Blog Anniversary

The 16th of February was the thirteenth anniversary of this blog, my trusty journal here.  I have been keeping it, at least lightly, for a lot longer than any other journal I have ever kept.  In fact, I think this journal got that distinction about three weeks in.  It is hard to believe that so many of the significant events of my life have been recorded here.  When I die, I will probably write about that here too!  Well, why not?  It seems as good a place as any! 

We are still raising llamas on the little farm.  I want to narrow down some of the other animals, and focus more on the llamas.  We could do with cutting costs, and focusing on the things that could best profit us.  It is getting more and more painful to go out and tend to the animals, especially in winter, when the snow depth and the cold add to the laboriousness of the tasks.  I have one friend around here who has a backhoe, and may help with getting a trench dug to get us some water access in places other than the side of the garage. 

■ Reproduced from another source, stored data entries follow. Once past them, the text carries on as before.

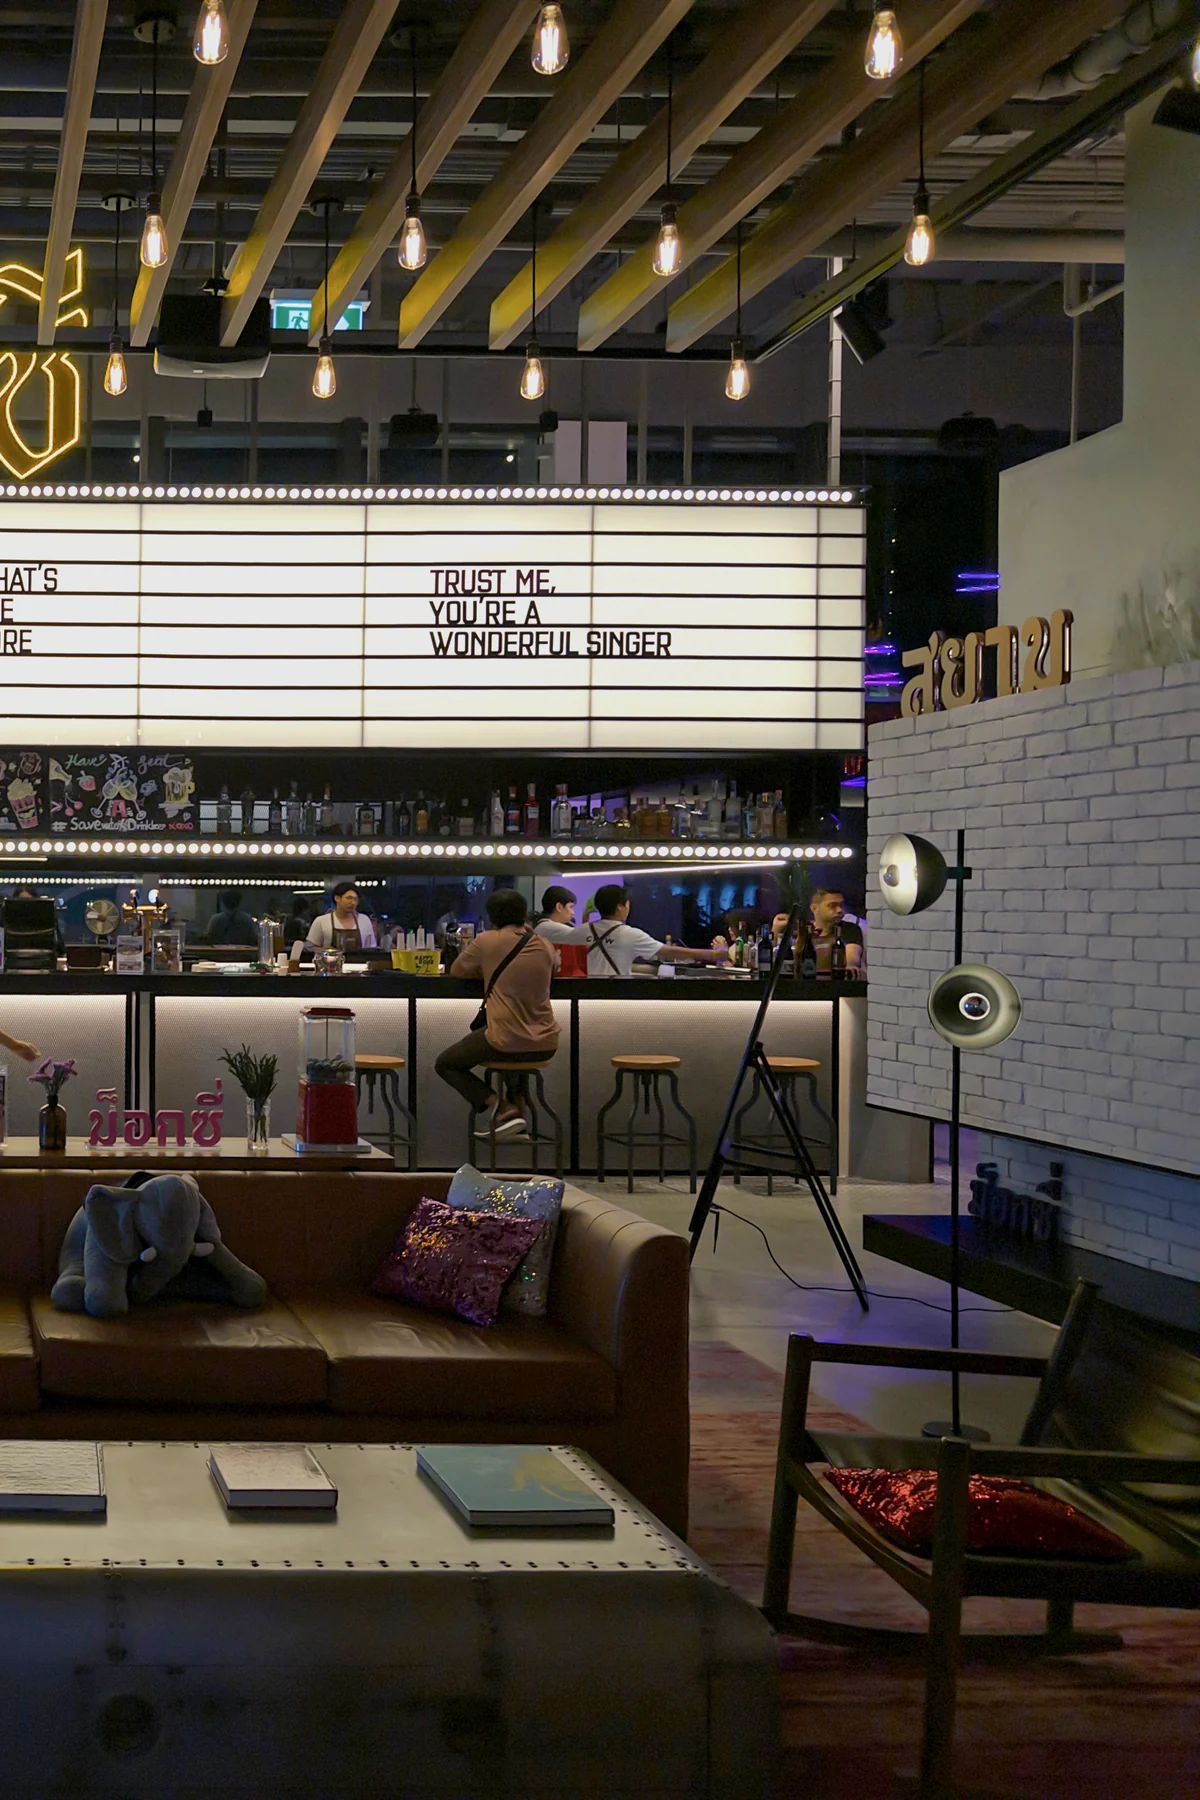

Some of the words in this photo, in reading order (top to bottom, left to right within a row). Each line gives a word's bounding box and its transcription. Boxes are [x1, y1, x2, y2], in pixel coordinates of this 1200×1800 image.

[430, 569, 507, 594] TRUST
[515, 569, 557, 595] ME,
[429, 595, 516, 625] YOU'RE
[524, 600, 542, 625] A
[429, 631, 579, 656] WONDERFUL
[586, 631, 673, 656] SINGER
[900, 608, 1074, 717] สยาม
[586, 935, 615, 945] CW
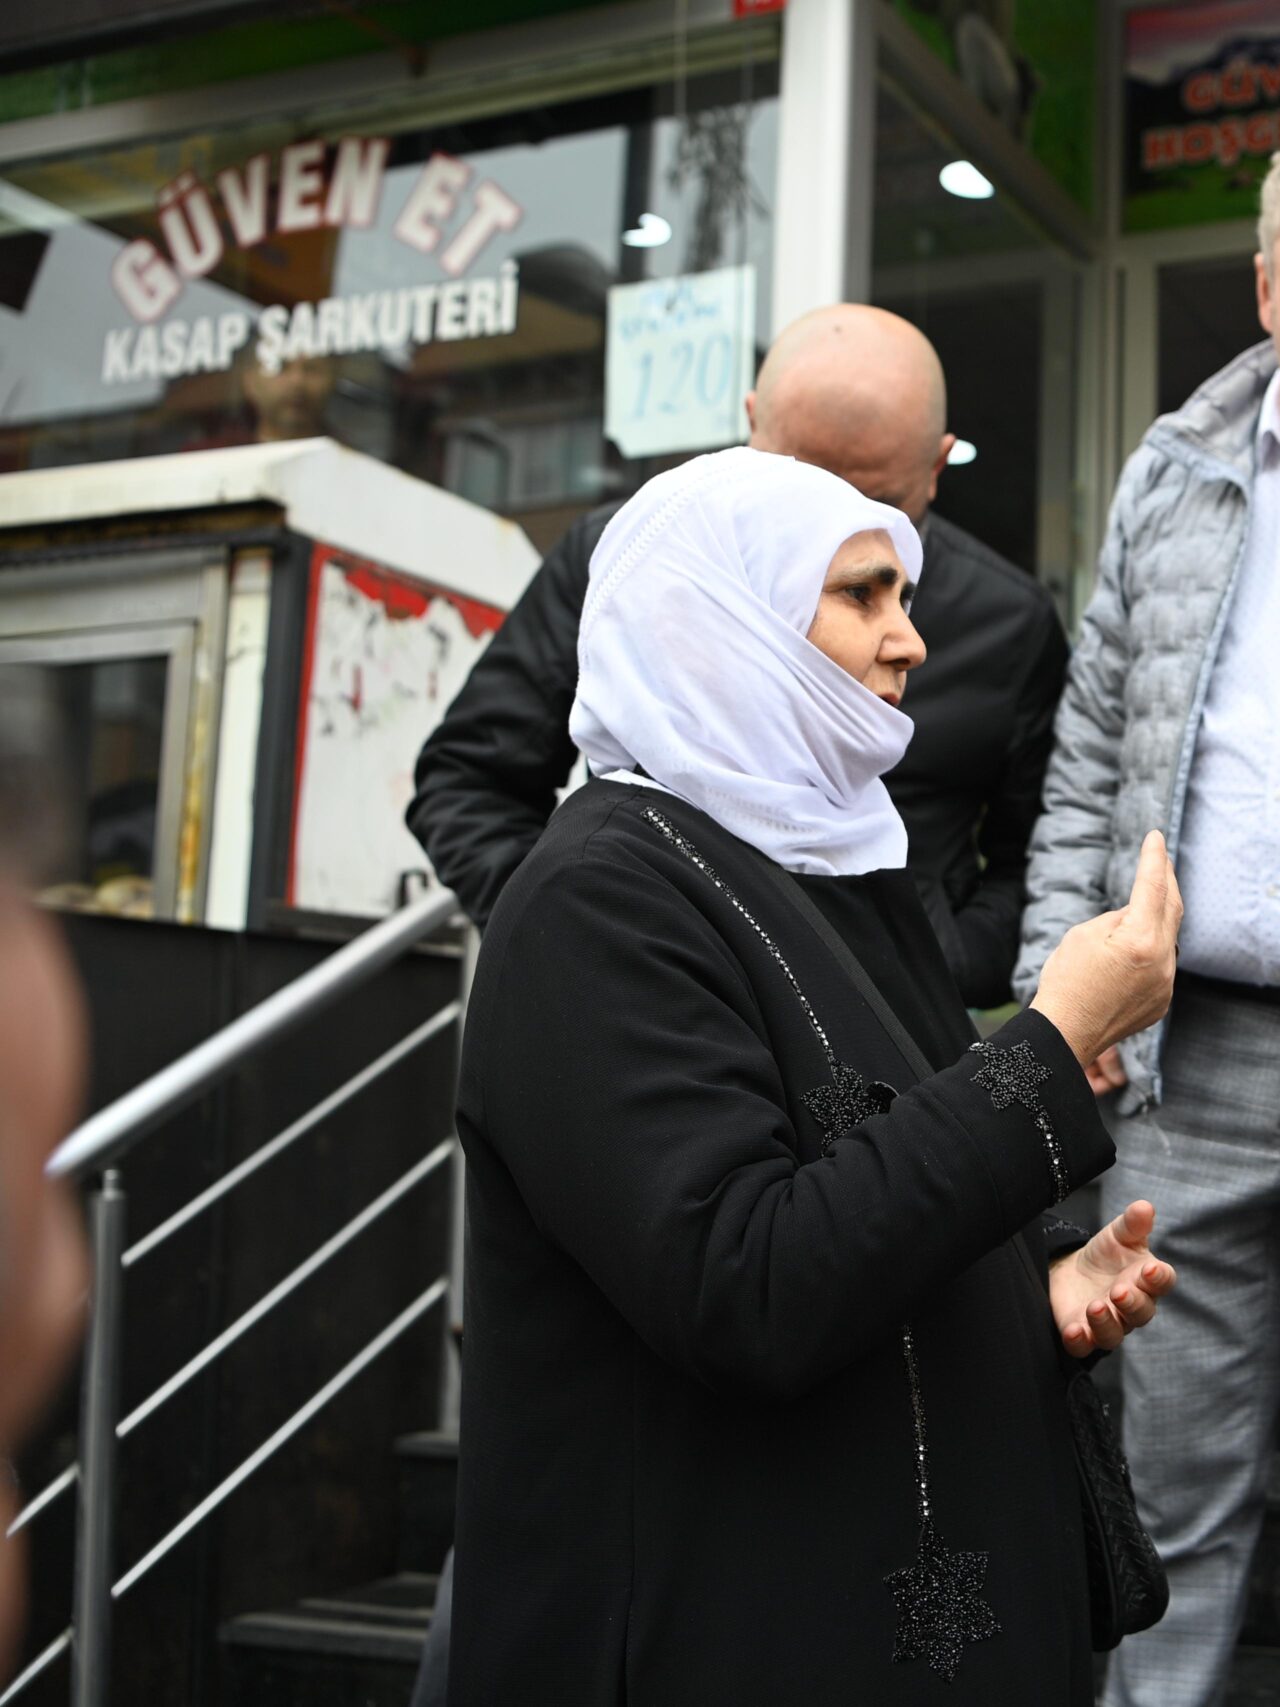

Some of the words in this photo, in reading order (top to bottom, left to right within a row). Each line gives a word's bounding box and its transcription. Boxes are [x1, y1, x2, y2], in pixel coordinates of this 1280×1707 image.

[111, 136, 391, 322] GÜVEN
[395, 152, 524, 276] ET
[103, 312, 250, 385] KASAP
[256, 259, 520, 375] ŞARKUTERİ
[631, 333, 733, 420] 120

Some of what has changed for me, over these years, has been the expectations of modernity.  I was tired of some of it back when I started this blog.  And while I still appreciate some of it, there are many things I could do without.  Above all, it is cheaply made products for which we flog our guts out, only to lose the time spent earning it to a part that was deliberately engineered to break.  and force us to replace it.  Because of it, I am trying harder to repair what’s broken, or build what I can myself to do the job for me. 

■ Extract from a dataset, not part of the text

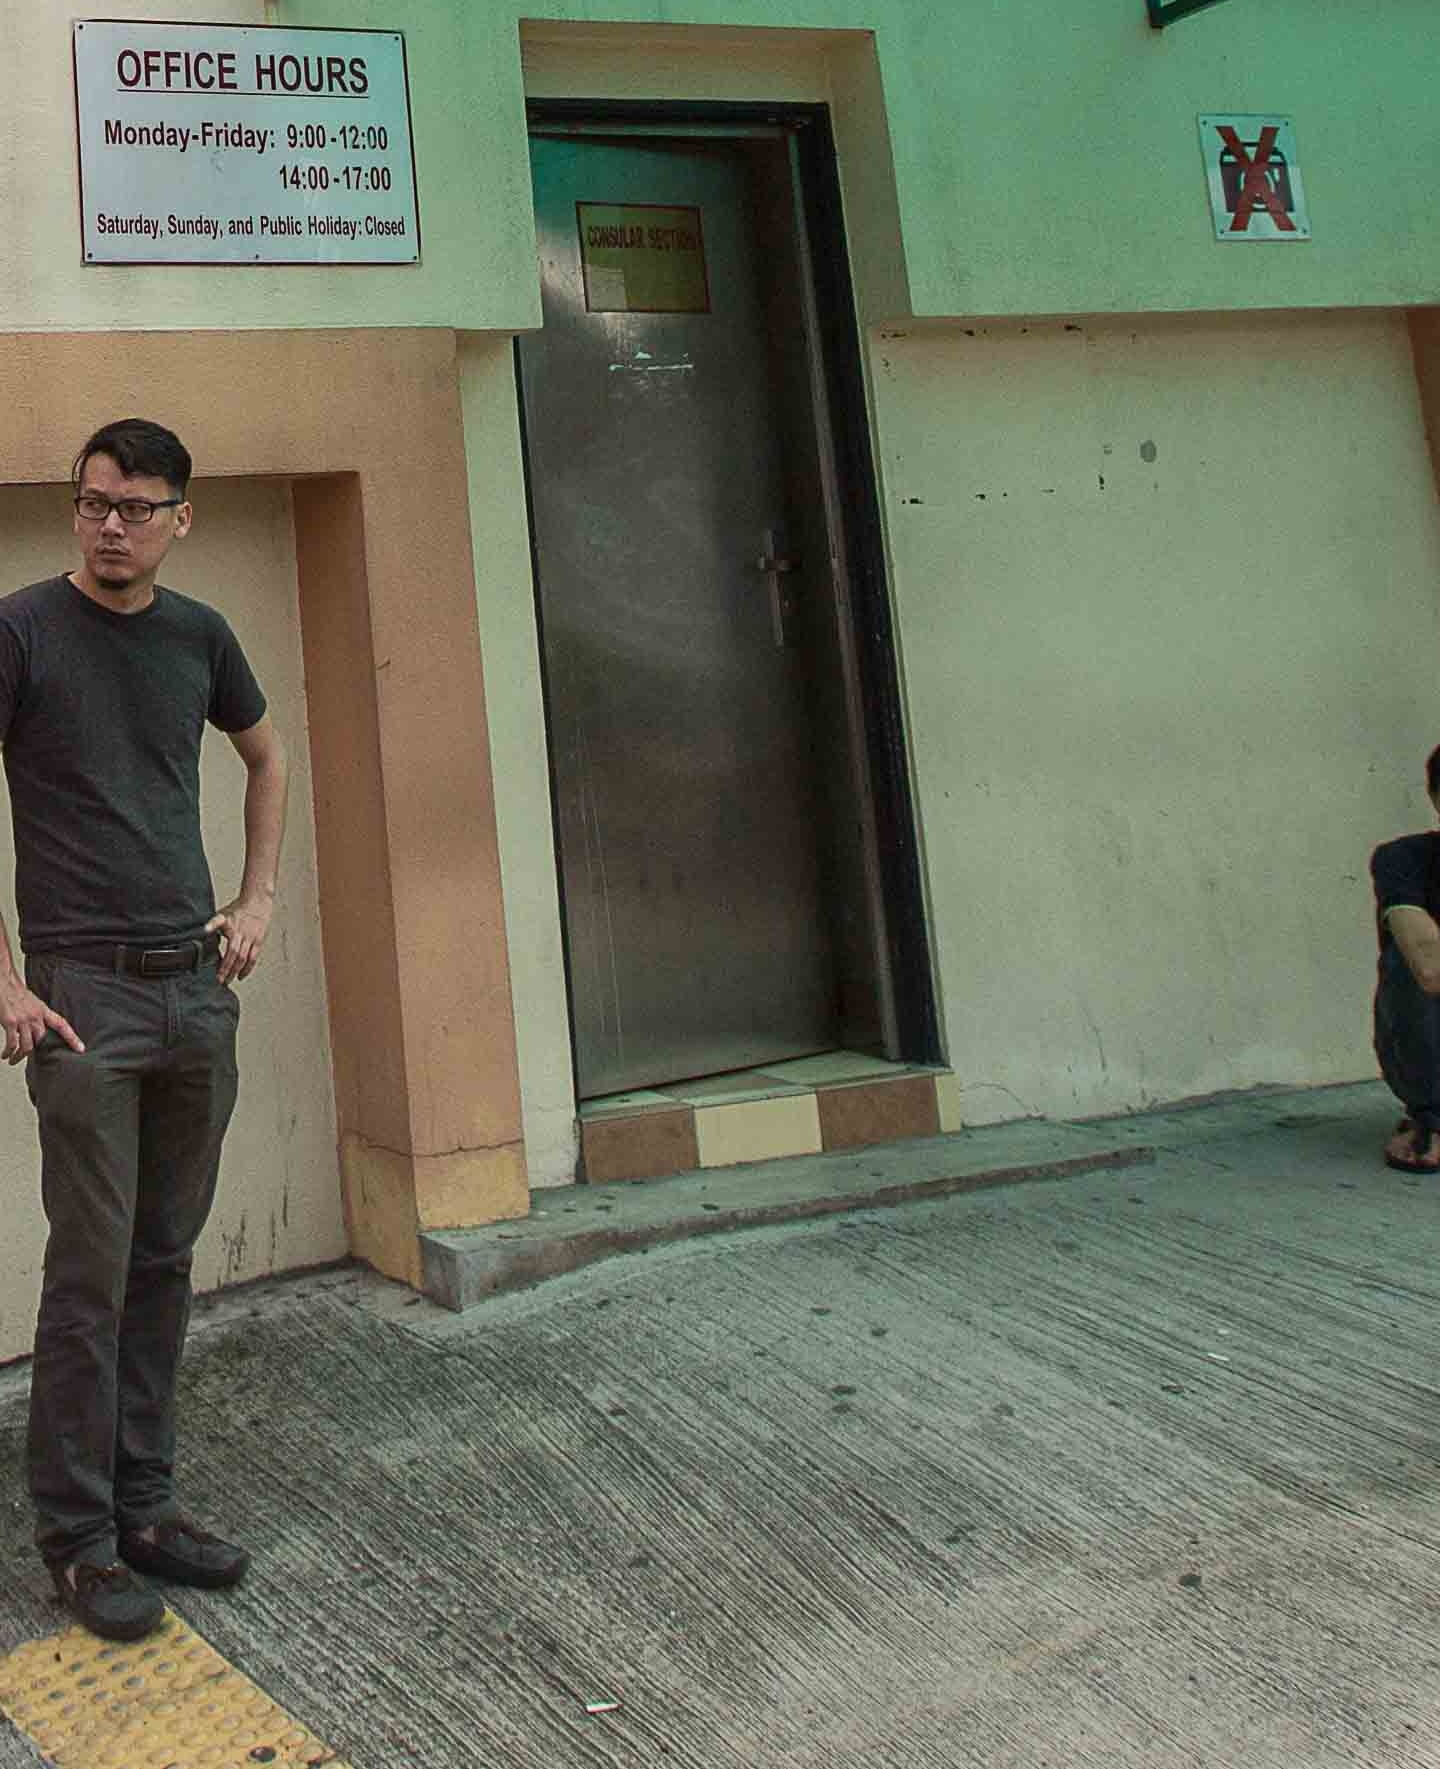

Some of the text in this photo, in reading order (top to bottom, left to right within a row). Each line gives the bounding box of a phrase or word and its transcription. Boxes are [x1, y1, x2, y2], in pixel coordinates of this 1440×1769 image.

[117, 48, 369, 94] OFFICE HOURS
[104, 119, 275, 154] Monday-Friday:
[97, 213, 406, 241] Saturday, Sunday, and Public Holiday: Closed
[587, 224, 644, 249] CONSULAR

I also heat the house with wood, a long time goal come to fruition.  We can do much more with that heat than we can the furnace, and it costs us a lot less.  But the modern world wants to tell us we are polluting, and we are poisoning.  They feel at ease with saying that because they don’t see the coal power plants running, and all the trucks digging at the coal, and all the trains moving the coal.  Instead, they just want to point to our chimney smoke and accuse.  We warm our house, cook our food, and we can dry our clothes, heat water, iron clothes, stay warm and happy when the power is out and the system has failed, all for little fuel and our own hard work.  We do good in the forest by removing dead trees that risk a fire, and we help our neighbors who have trees fall in the wind, and remove those for them.  When the stove needs a service, we can do it all ourselves, without the cost of a repair man, but with a few tools and a little work.  What’s more, we are aware of our system, and able to keep it running without the help of some expert whose service we have to wait on till he is available or his rates are affordable in the week.  On top of it all, the trees provide more wood than just what is burnt, and we get pieces to use in many crafts and constructions around the farm and around the house.  So, I’d say, that is something that nobody who hands out the modern bill would want us to have.  And in that sense, I am more cynical. 

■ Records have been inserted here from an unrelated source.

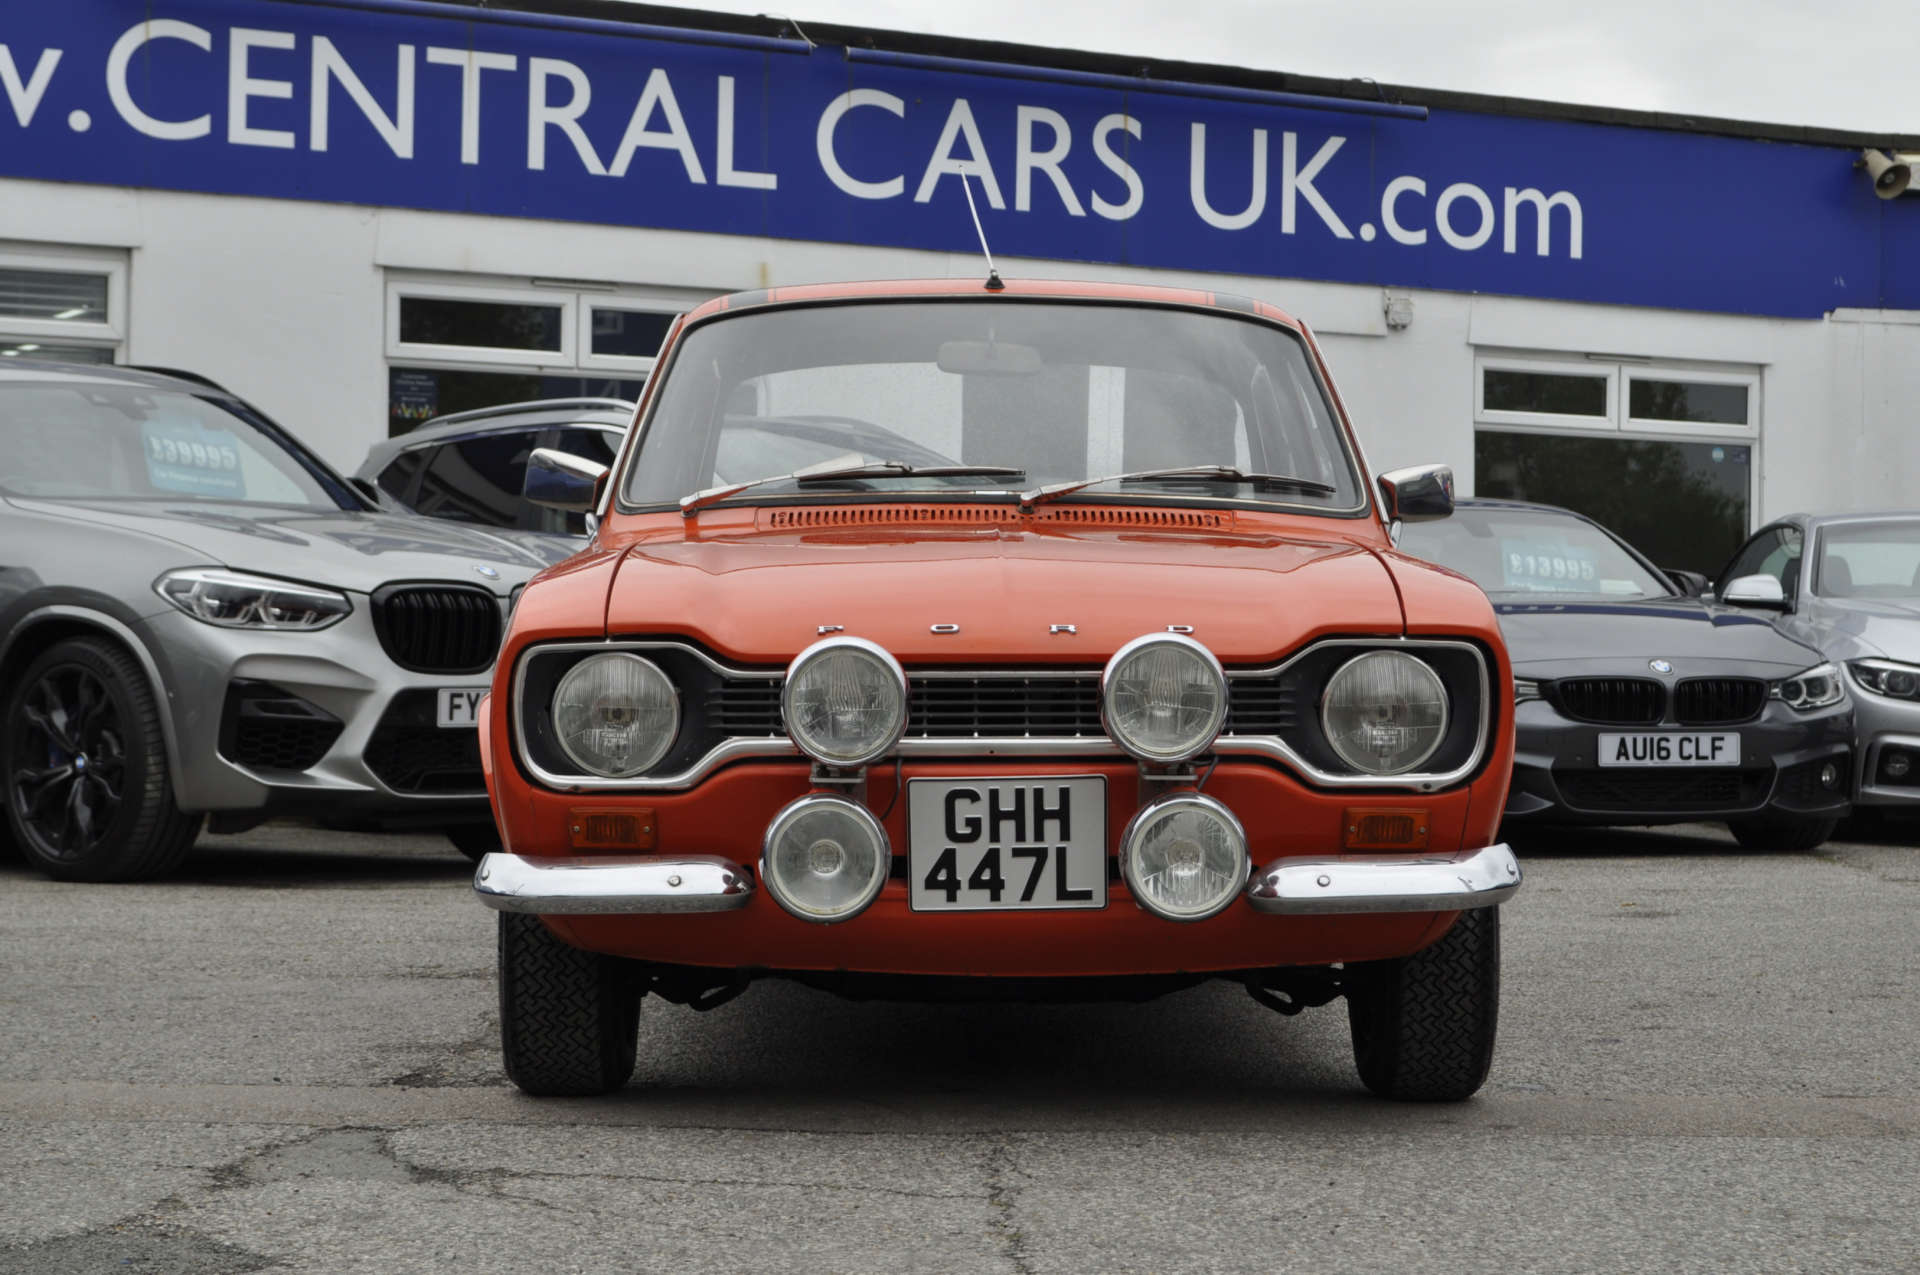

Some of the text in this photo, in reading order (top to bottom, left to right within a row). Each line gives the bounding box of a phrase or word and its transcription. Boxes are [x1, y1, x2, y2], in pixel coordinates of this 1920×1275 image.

[816, 89, 1145, 222] CARS
[1190, 123, 1584, 260] UK.com
[1615, 736, 1725, 761] AU16 CLF
[944, 786, 1071, 844] GHH
[924, 846, 1093, 903] 447L

It is true that we heat the upstairs with a furnace. If I could figure out a way, we would not.  But it is more practical up there, where the wood would have to be carried up the stairs.  It keeps part of the house on propane, but at a much more affordable rate.  As heat rises, we offset a little with what comes up from downstairs.  We are getting better at sealing off the house in the winter in a way that is more effective, and costs us a little less.  But I think about it all a lot more with the woodstove than I think I would if heating were nothing more than turning a knob on the wall.  And that is a big difference. 

Those are only some of the things that have changed in the last 13 years.  I have lost people.  I have seen the world do things I never thought possible.  I was sure that Bush was going to go down in history as the worse President ever, and now we have toppled that idea with someone who is far more narcissistic than he ever was, and has foolish Isolationist philosophies that are not American leadership, but turn us into ourselves and away from the world to let it turn on us.  I only hope we can make it through the worst of it and come out of it as soon as the next election.  He who must not be mentioned is an unmentionable. 

13 years.  How quickly they have transpired!  Some of it has dragged on and on, while some has gone too quickly, and some too soon.  I hold on to what is good, and keep what is bad as far at bay as I can.  We have winters that we fight through, and summers that exhaust us.  I sleep outside from time to time, just because I can.  I try to take deep breaths, and keep life as far down into my lungs as I can.  I should write more about it, but I find that too much of it is just for me.